For a few years I carried a tidy little fact around. Money stops mattering for happiness once you clear about $75,000. Past that, you are just chasing numbers on a screen.

I used to say it at dinners. I half believed it because it let me off a hook I could not quite name, the sense that I was not earning enough and should be. If money didn’t buy happiness past a certain point, then I was fine where I was. What a relief that was.

The trouble is the fact was never as clean as I believed. In 2023, the two researchers whose work sat on opposite sides of it sat down together and worked out what was actually going on. The answer is more interesting than the simple version I had been quoting. 

A quick note before I go further. I am a curious reader here, not a psychologist or an economist. What follows is my reading of a piece of research, not advice about your salary or your life. The studies below are patterns drawn from particular groups of people, not settled laws about you or anyone else.

The neat version, and where it came from

The fact I shared came from a real and serious study. In 2010, Princeton’s Daniel Kahneman and the economist Angus Deaton analysed more than 450,000 survey responses from US residents. They found that day-to-day mood rose with income only up to around $75,000 a year, then leveled off. More money kept improving how people rated their lives overall. But the moment-to-moment feeling of a good day stopped climbing.

That is where the pop version came from. It got flattened, as these things do, into “money can’t buy happiness past $75k,” which is not quite what the study said but close enough to feel true, and comforting enough to spread.

Then someone found the opposite

In 2021, Wharton’s Matthew Killingsworth ran the question again with a different method. Instead of asking people to recall a whole day, he pinged them in real time through a smartphone app and asked how they felt right then. His finding was that happiness rises with income even above $75,000, with no plateau in sight. It just kept going up with the money.

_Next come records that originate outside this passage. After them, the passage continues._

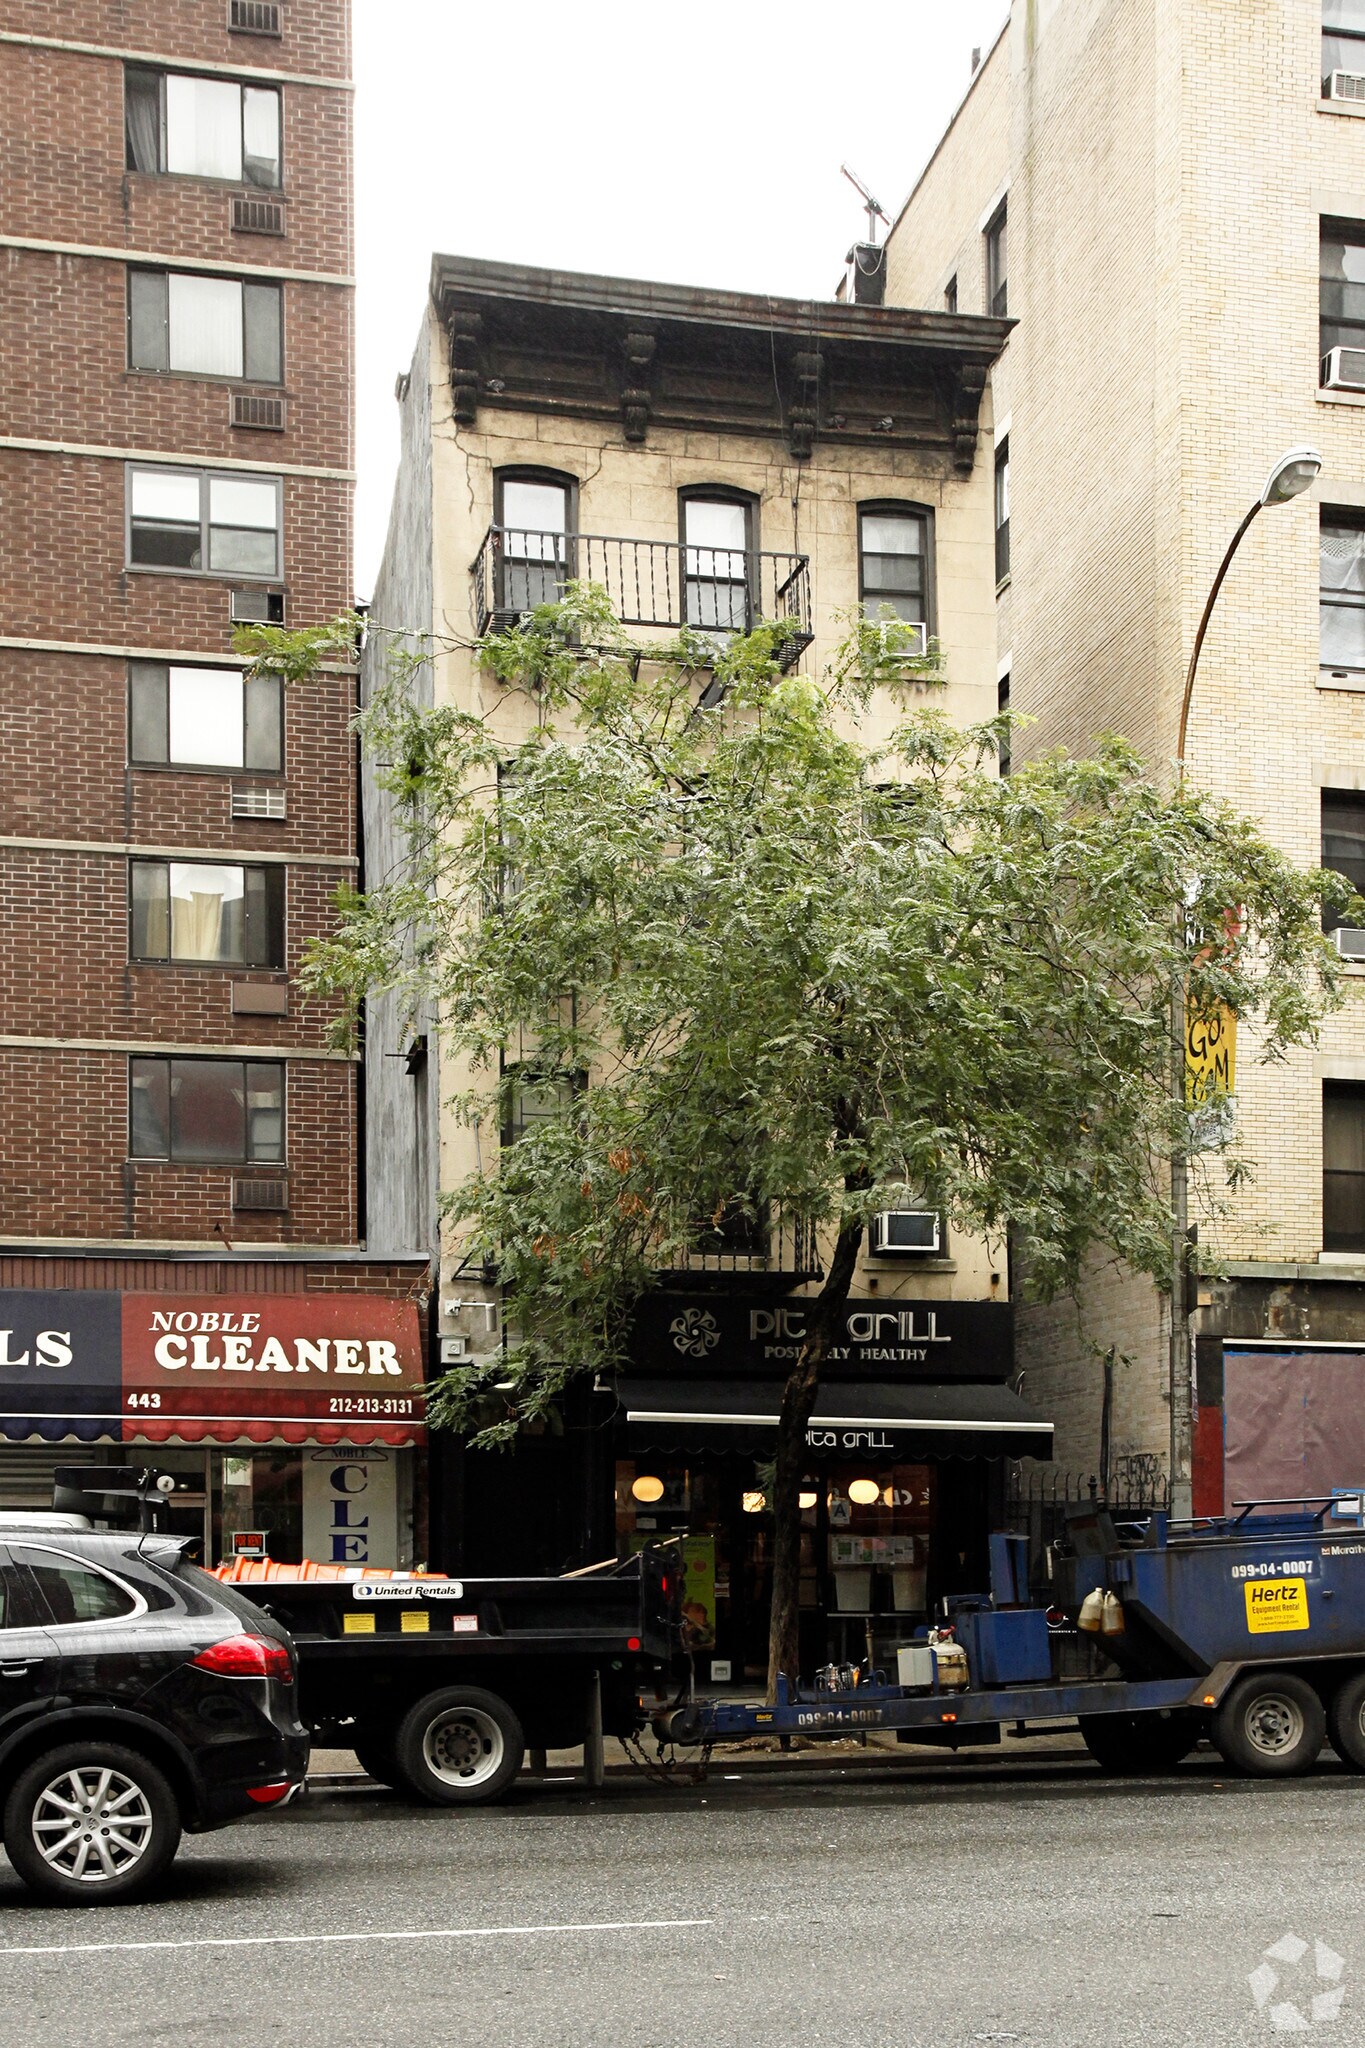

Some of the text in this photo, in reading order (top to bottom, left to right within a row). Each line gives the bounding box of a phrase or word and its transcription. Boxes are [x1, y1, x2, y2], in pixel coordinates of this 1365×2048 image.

[149, 1311, 261, 1333] NOBLE
[154, 1334, 403, 1376] CLEANER
[860, 1348, 928, 1361] HEALTHY
[127, 1393, 161, 1409] 443
[329, 1398, 413, 1414] 212-213-3131
[331, 1448, 369, 1459] NOBLE
[834, 1503, 846, 1517] A
[235, 1535, 262, 1547] FOR RENT
[1231, 1560, 1313, 1578] 099-04-0007
[375, 1586, 456, 1596] United Rentals
[1252, 1586, 1298, 1602] Hertz
[1252, 1603, 1299, 1614] Equipment Rental

Two careful studies, two respected researchers, one saying happiness flattens out and the other saying it keeps climbing. Not a small disagreement around the edges. A flat contradiction at the center.

What they did instead of arguing

The part I like most is this. Rather than trade rebuttals in journals for a decade, they proposed what is called an adversarial collaboration. The two people who disagree pool their raw data, reanalyse it together, and bring in a neutral third party to settle it.

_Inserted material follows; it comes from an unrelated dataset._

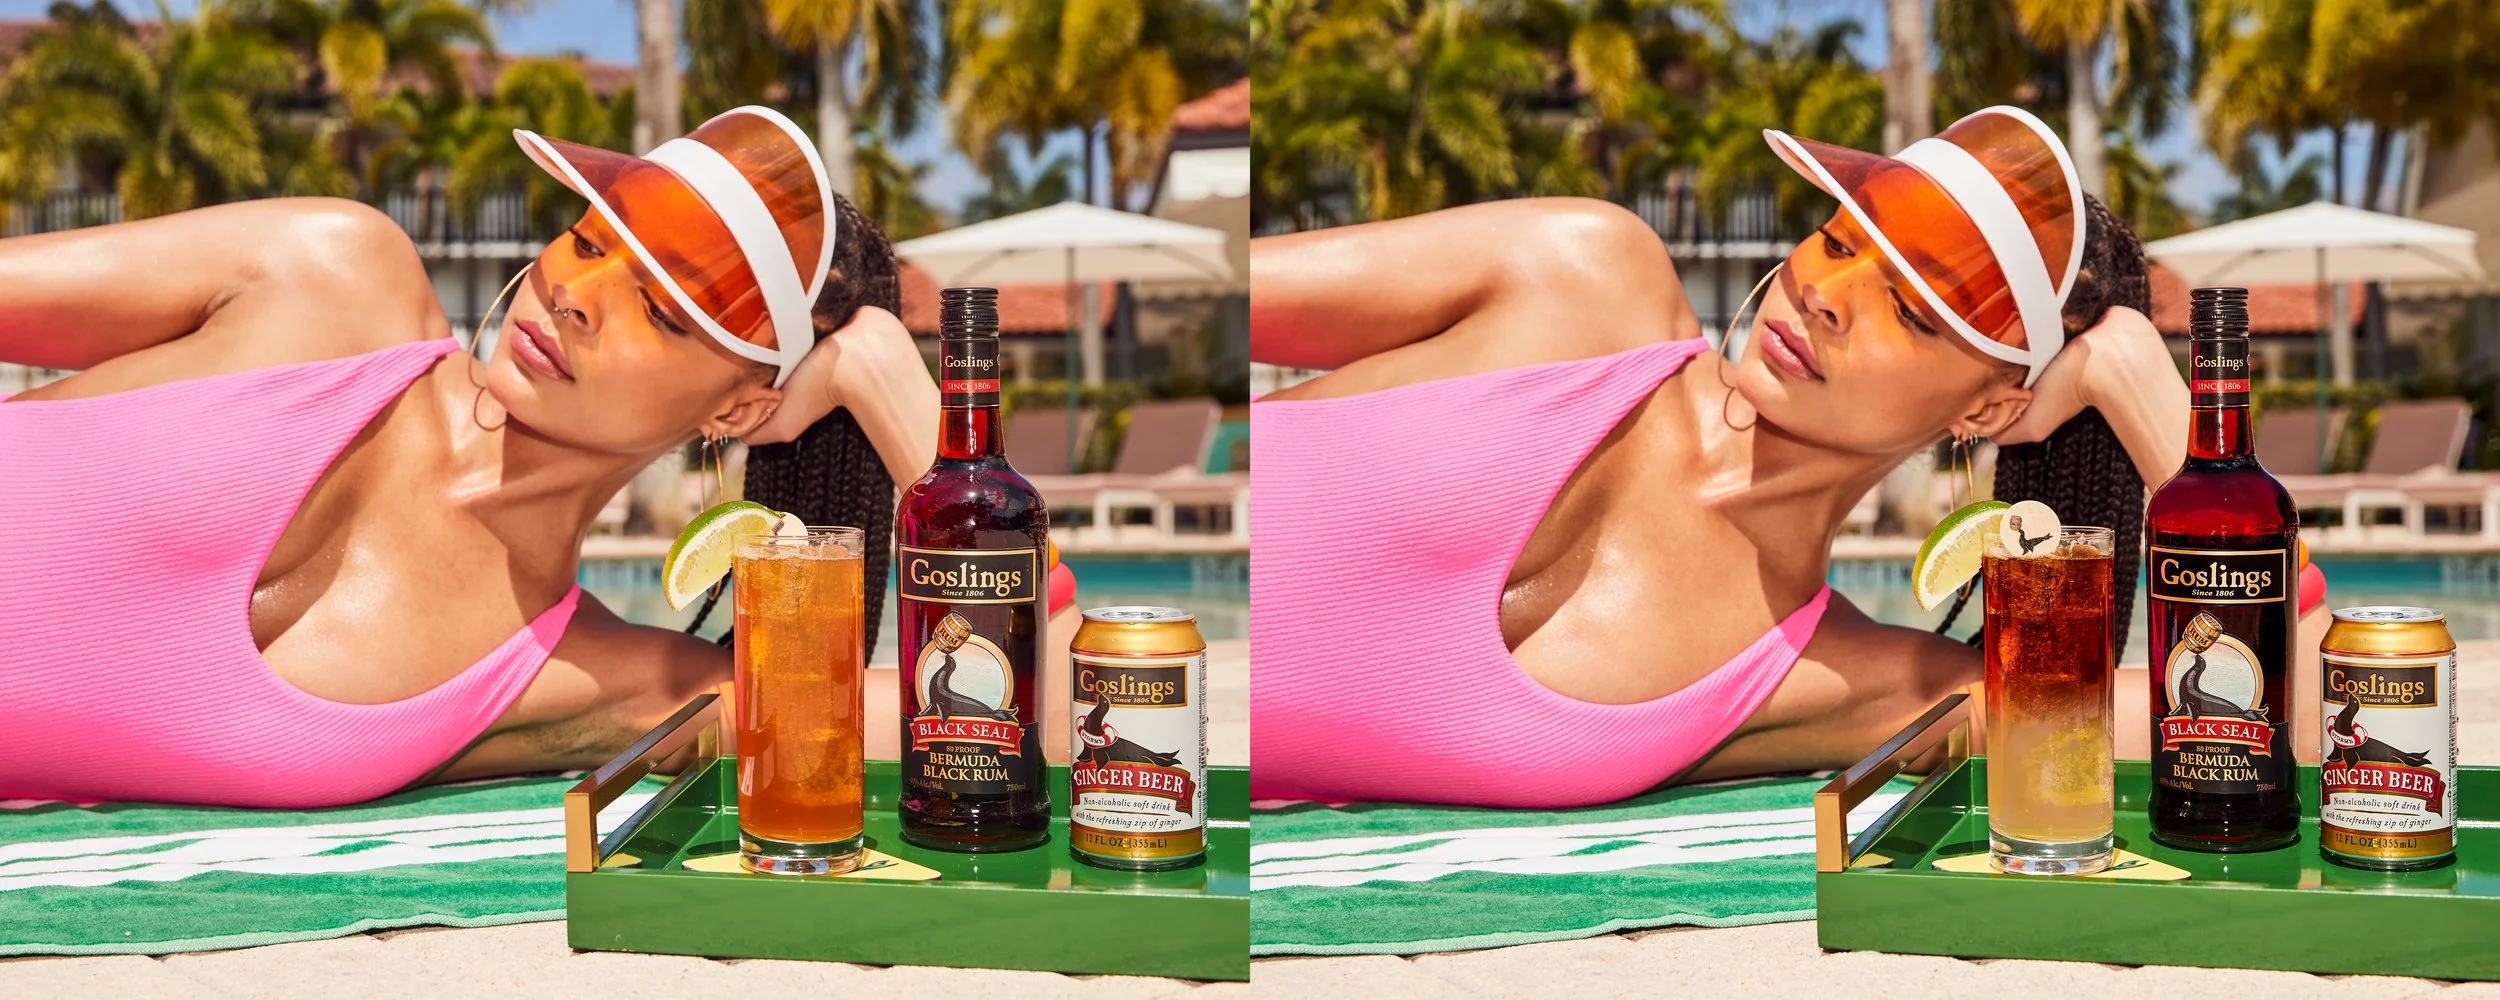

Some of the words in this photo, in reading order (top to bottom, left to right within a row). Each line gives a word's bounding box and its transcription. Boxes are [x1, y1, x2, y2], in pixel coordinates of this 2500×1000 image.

Their joint paper, Income and emotional well-being: A conflict resolved, came out in March 2023.

What they found is that both of them had been right, just about different people. Killingsworth put it plainly: “The two findings that seemed utterly contradictory actually result from data that are amazingly consistent,” he said.

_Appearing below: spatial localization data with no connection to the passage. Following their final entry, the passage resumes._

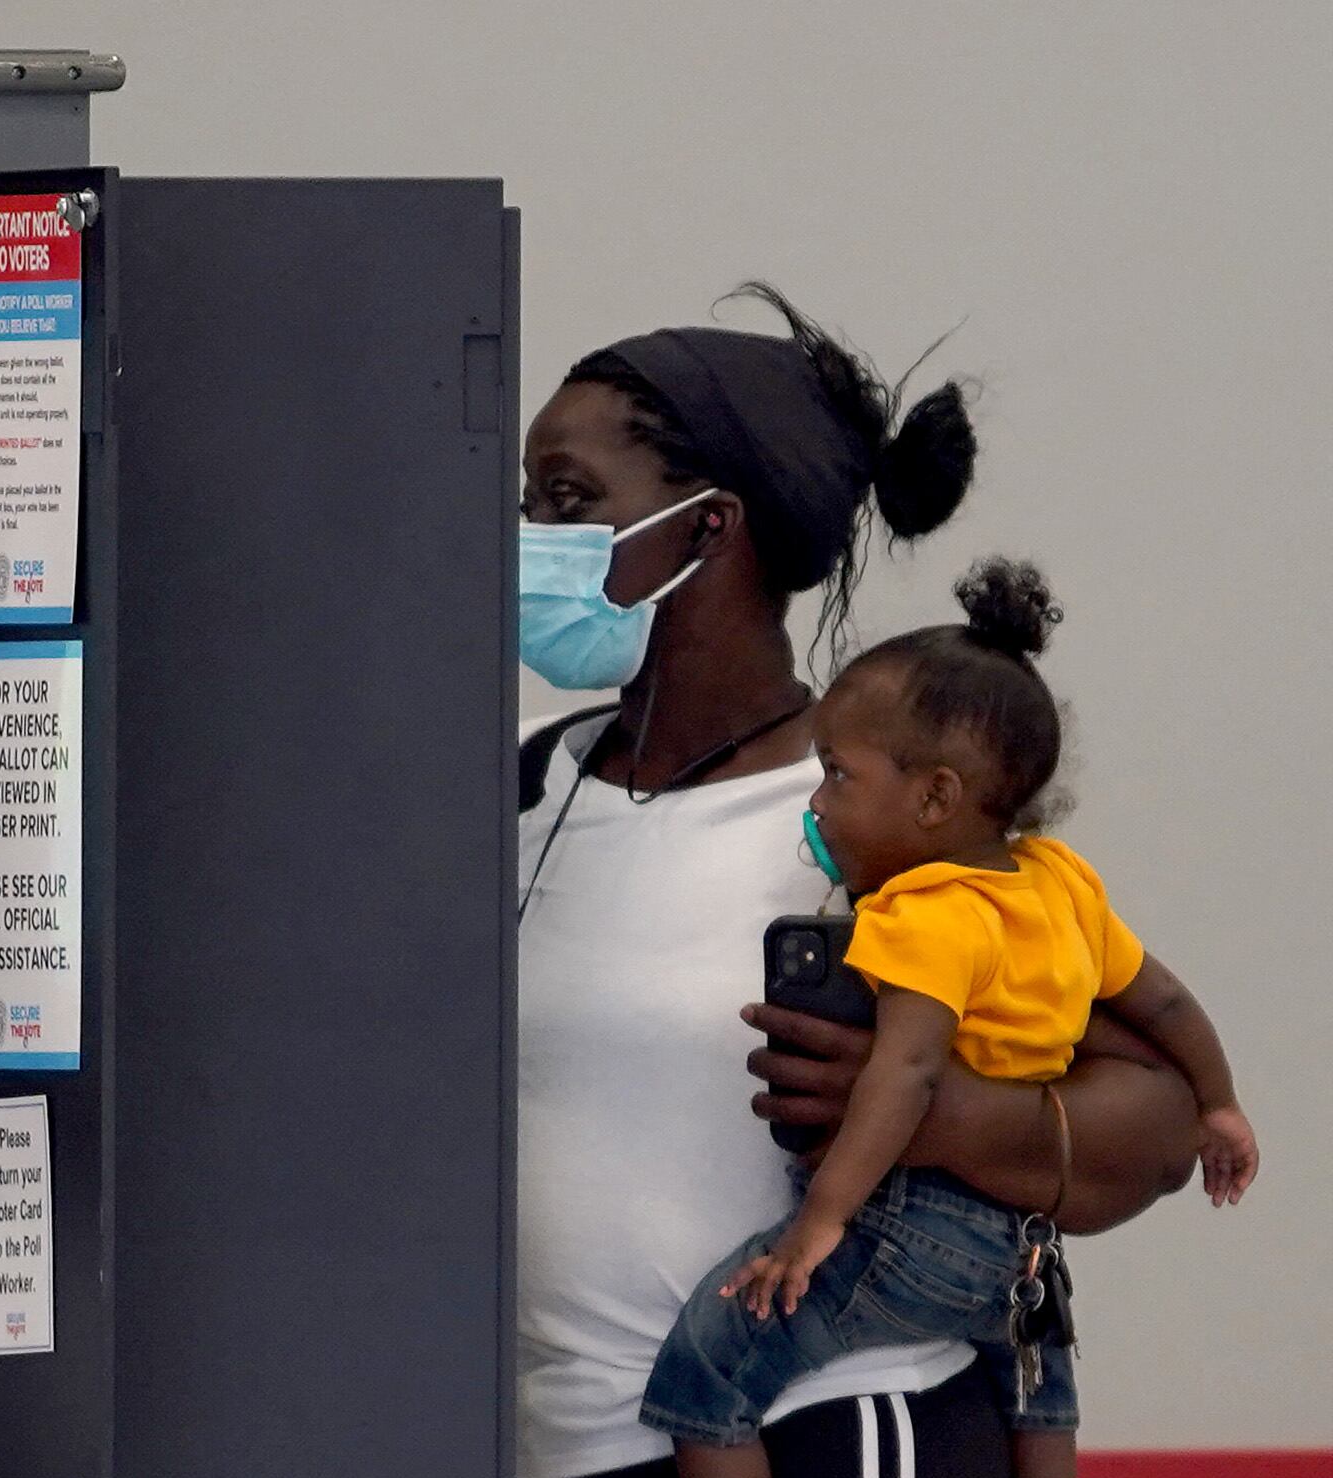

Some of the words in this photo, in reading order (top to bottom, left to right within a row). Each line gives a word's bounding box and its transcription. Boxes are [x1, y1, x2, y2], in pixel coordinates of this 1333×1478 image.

[8, 244, 49, 270] VOTERS
[14, 680, 47, 703] YOUR
[41, 747, 67, 769] CAN
[43, 781, 55, 802] IN
[20, 814, 60, 836] PRINT.
[12, 874, 33, 897] SEE
[38, 874, 66, 897] OUR
[4, 907, 58, 930] OFFICIAL
[0, 1128, 29, 1147] Please
[21, 1167, 41, 1188] your
[20, 1199, 41, 1219] Card
[5, 1237, 20, 1257] the
[23, 1235, 41, 1255] Poll

The real answer, split two ways

The key was to split people by how happy they already were. For most people, happiness keeps rising with income, well past $100,000, and for the happiest group it even speeds up. As Killingsworth summed it up, “In the simplest terms, this suggests that for most people larger incomes are associated with greater happiness.”

But there is an unhappy minority for whom the picture is different. Their happiness rises with income only up to about $100,000, then flattens. That figure is the original $75,000 adjusted for inflation. Same line, moved for the passage of time. Mellers put it carefully: “The function differs for people with different levels of emotional well-being,” she said.

Killingsworth was blunt about who money doesn’t rescue. “The exception is people who are financially well-off but unhappy. For instance, if you’re rich and miserable, more money won’t help,” he said.

That is a pattern in one dataset, not a proven law, but it rings true to me.

What I take from it

The frame I keep coming back to is this. Money seems to buy the removal of misery more reliably than it buys joy. When something is genuinely going wrong, more of it clears the thing that is going wrong, and that shows up as feeling better. When life is basically fine, more of it does less than you expect, and sometimes nothing you can feel.

None of this means money doesn’t matter. It plainly does, more than my tidy little fact ever admitted. Killingsworth’s own summary is the version I would repeat now instead: “Money is not the secret to happiness, but it can probably help a bit,” he said.

None of this is advice about your money or your happiness. It is one reader’s take on one piece of research, and the research describes patterns across large groups, not you.